The Segway requires no special skills - it takes care of the balancing-
on-two-wheels part - and virtually anyone can use one. It's compact, yet
powerful and easily rechargeable from any power point. The Segway will
change the way you think about transportation.
But the Segway isn't just about fun transportation. It also makes businesses
more productive by allowing workers greater visibility, versatility, mobility
and carrying capacity. It does it all by harnessing some of the most advanced,
thoroughly-tested technology ever created.
When Dean Kamen unveiled the Segway on ABC's Good Morning America, he
described the machine as "the world's first self-balancing human transporter."
When you look at the machine in motion, you get an idea of what he's talking
about. Unlike a car, the Segway only has two wheels, yet it manages to stay
upright by itself.
To move forward or backward on the Segway, the rider just leans slightly
forward or backward. To turn left or right, the rider simply moves the LeanSteer
frame left or right.
The ability to balance on its own is the most amazing thing about the Segway,
and it is the key to its operation. To understand how this system works, it
helps to consider Kamen's model for the device—the human body.

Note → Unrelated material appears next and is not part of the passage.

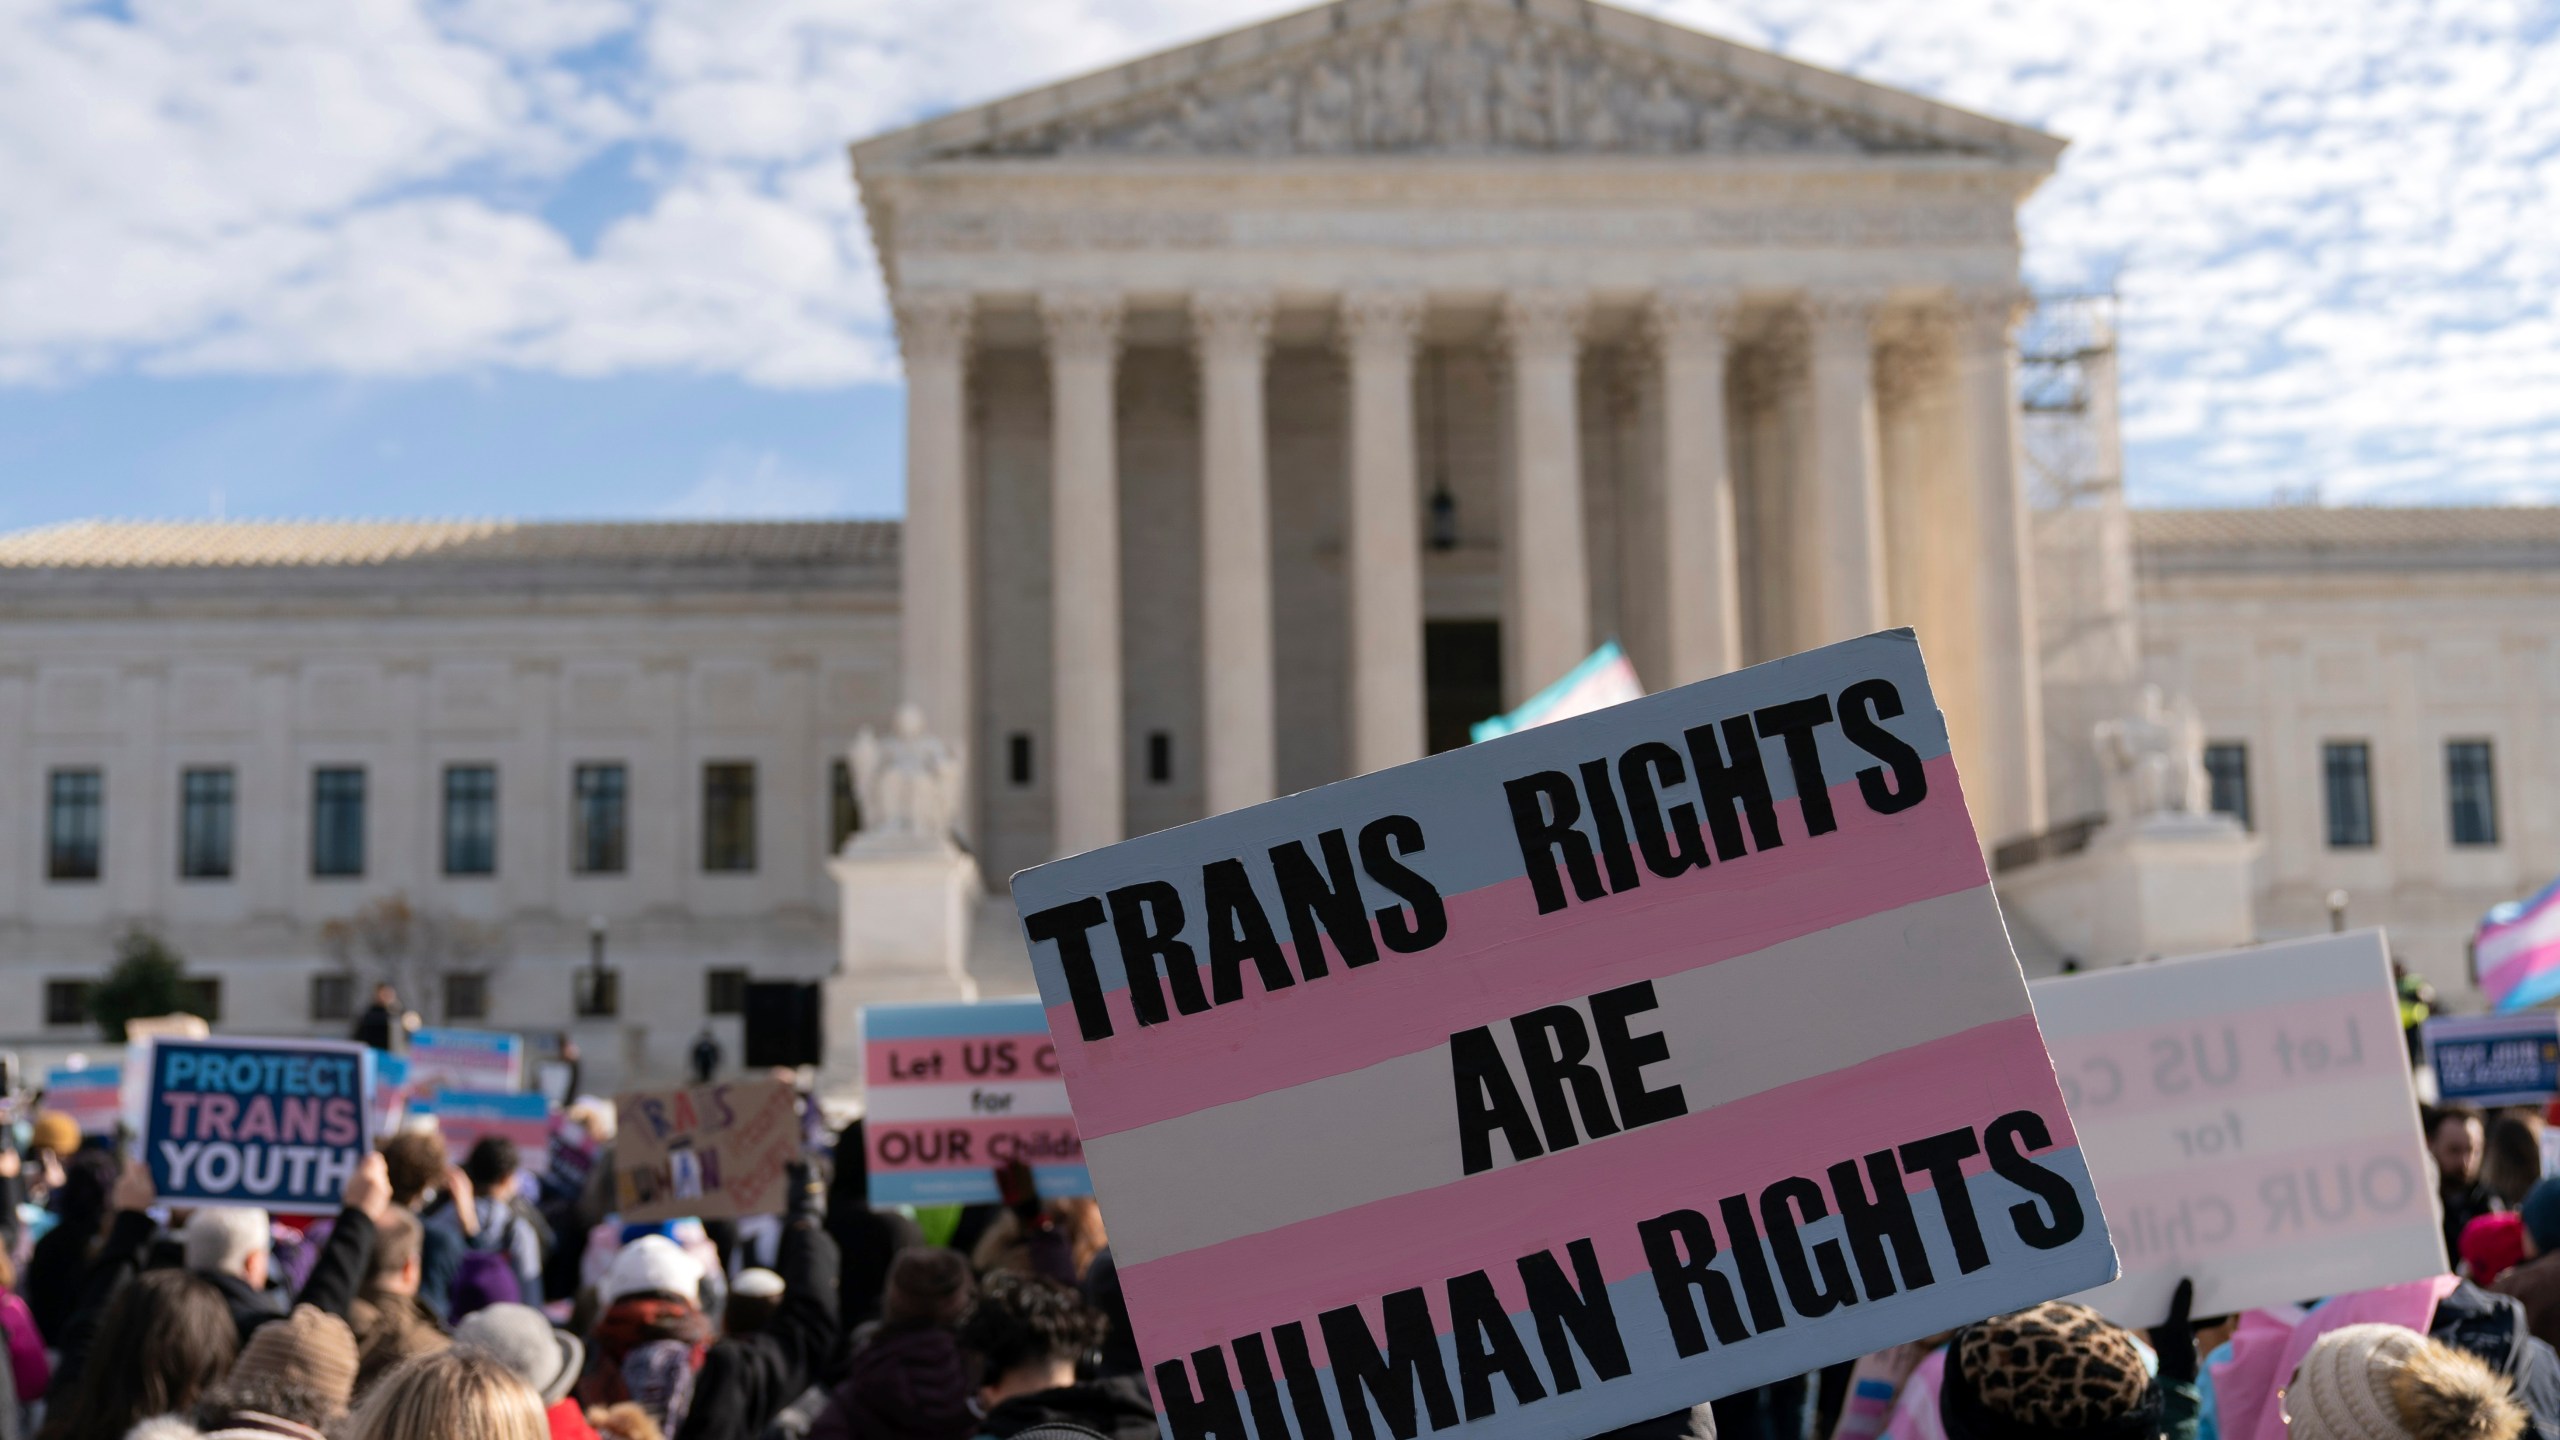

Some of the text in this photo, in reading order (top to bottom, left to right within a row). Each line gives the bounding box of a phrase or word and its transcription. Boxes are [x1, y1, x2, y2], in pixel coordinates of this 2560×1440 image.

If you stand up and lean forward so that you are out of balance, you probably
won't fall on your face. Your brain knows you are out of balance, because fluid
in your inner ear shifts, so it triggers you to put your leg forward and stop
the fall. If you keep leaning forward, your brain will keep putting your legs
forward to keep you upright. Instead of falling, you walk forward, one step at a
time.
The Segway does pretty much the same thing, except it has wheels instead of
legs, a motor instead of muscles, a collection of microprocessors instead of a
brain and a set of sophisticated tilt sensors and gyroscopic sensors instead of
an inner-ear balancing system. Like your brain, the Segway knows when you are
leaning forward. To maintain balance, it turns the wheels at just the right
speed, so you move forward. Segway calls this behaviour
dynamic stabilization and has patented
the unique process that allows the Segway to balance on just two wheels.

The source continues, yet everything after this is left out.